Can’t you see? It’s just the same with you—and just as vital to nature.” ~ Meditations, Book VII.18
Most of the fear around change is that we often fear that change is bad. Seneca once wrote, ”We are more often frightened than hurt, and we suffer more in imagination than in reality.”
Most often it is our thoughts, rather than the change itself, that is the source of our resistance to change.
Bust of Marcus Aurelius

Bust of Marcus Aurelius

As humans, we have a tendency to run scenarios through our heads before the event itself actually happens. This is great for preplanning and strategy, however, we run into problems when our minds automatically run through the ‘worst-case’ scenarios that may or may not actually happen.
Most fears around change come from our in-built aversion to suffering and our tendency to over-plan for suffering avoidance.  Suffering and change are often linked – or at least we perceive that they are always linked. But don’t worry, the stoics have a remedy for that too!
Change and Suffering
The relationship between change and suffering is often described in two phases. Firstly, that we suffer in our anticipation of change and the shift away from our routine or the anticipation of loss (e.g., a loved one, a job, a home).
The second phase is the reaction to a change that has already happened. It is about coming to terms with a loss (person or circumstance) and the anticipation of finding balance or carving a new path for ourselves out of the chaos.
aurelius on horse

Rome, Italy. Piazza del Campidoglio, with copy of equestrian statue of Marcus Aurelius. The original is displayed in the Capitoline Museum.

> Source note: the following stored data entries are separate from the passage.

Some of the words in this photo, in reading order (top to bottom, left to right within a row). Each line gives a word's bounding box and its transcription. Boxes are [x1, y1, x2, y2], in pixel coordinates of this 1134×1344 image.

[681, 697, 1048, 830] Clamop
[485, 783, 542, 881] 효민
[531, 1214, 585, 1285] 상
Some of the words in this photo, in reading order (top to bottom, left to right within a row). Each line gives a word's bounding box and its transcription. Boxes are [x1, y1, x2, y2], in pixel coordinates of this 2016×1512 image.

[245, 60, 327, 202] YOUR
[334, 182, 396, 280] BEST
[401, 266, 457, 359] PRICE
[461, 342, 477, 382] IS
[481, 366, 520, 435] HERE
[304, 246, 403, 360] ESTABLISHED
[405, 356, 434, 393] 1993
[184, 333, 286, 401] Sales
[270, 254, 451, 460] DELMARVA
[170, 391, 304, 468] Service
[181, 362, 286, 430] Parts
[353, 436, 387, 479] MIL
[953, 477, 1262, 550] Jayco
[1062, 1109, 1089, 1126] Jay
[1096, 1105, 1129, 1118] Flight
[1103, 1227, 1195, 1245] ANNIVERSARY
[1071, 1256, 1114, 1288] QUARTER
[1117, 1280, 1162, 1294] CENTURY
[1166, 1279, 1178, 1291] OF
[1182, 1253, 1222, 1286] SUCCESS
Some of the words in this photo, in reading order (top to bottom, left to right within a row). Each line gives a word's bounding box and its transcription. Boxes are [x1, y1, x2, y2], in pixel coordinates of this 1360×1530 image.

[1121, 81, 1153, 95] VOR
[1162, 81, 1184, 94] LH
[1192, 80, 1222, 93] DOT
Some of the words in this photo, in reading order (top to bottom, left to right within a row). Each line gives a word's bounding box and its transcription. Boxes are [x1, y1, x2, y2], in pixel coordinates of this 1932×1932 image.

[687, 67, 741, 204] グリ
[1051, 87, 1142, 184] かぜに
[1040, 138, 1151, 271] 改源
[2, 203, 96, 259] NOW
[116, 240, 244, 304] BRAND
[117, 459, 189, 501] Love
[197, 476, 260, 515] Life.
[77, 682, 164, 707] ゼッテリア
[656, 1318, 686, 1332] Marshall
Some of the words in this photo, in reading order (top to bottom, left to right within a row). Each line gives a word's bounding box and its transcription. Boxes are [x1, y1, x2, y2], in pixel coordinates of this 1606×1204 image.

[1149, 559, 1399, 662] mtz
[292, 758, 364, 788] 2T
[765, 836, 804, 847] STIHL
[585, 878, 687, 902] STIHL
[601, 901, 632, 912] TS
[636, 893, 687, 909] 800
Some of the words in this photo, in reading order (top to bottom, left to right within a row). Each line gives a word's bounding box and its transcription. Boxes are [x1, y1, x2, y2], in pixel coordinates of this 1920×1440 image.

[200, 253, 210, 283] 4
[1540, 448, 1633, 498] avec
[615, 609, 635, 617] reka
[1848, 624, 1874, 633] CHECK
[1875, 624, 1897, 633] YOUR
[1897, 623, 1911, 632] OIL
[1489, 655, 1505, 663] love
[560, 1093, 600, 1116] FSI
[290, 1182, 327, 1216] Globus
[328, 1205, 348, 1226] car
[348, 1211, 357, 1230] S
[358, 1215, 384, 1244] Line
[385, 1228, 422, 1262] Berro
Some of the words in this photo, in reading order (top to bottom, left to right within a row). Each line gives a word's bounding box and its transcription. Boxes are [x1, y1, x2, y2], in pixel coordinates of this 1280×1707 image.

The stoics overcome this by reminding themselves about how relatively small and unimportant we are as individuals. Sounds harsh and counterintuitive right? Yes. But when you consider the grand tapestry that is life and universe, our part is rather small.
“Consider the lives led once by others, long ago, the lives to be led by others after you, the lives led even now, in foreign lands. How many people don’t even know your name. How many will soon have forgotten it. How many offer you praise now—and tomorrow, perhaps, contempt.” ~ Meditations, Book IX.30
This is what today’s society refers to as the ‘Ego check’. In other words, who are we to expect to go through life without any changes or challenges?
Epictetus advises that we play fate at its own game. Instead of resisting and battling change (which is a waste of time if the change has already occurred), we should learn to embrace change and make an opportunity out of adversity.
This is easier said than done of course, but you’ll find that working this mindset into your daily life will make the process of change run a whole lot smoother.

Artistic impression of Epictetus, including his crutch.

Improving your relationship with change
“It’s not what happens to you, but how you react to it that matters’’ ~ Epictetus
The bottom line, according to the stoics, is that the best way to deal with change is to try to change your mindset. Happiness depends more on values than the current state in which you reside.
Of course, basic needs must be met such as food and shelter, but the Stoics argue that change itself is not able to deprive you of the ability to endure.
Change has changed people for the better. It was exile from Sinope that lead Diogenes of Sinope to Athens where he went on to become one of the founders of the Cynic School of Philosophy. Had he remained in Sinope he likely would have continued his life as a banker and his name would have disappeared into obscurity.
No matter the circumstance brought about by change, your place in nature and your virtues still remain. Even in the most challenging of times, true friends will not refuse to associate with you and change does not stop you from associating with new people. In other words, the change may come as a pleasant surprise, if you keep an eye out for silver linings.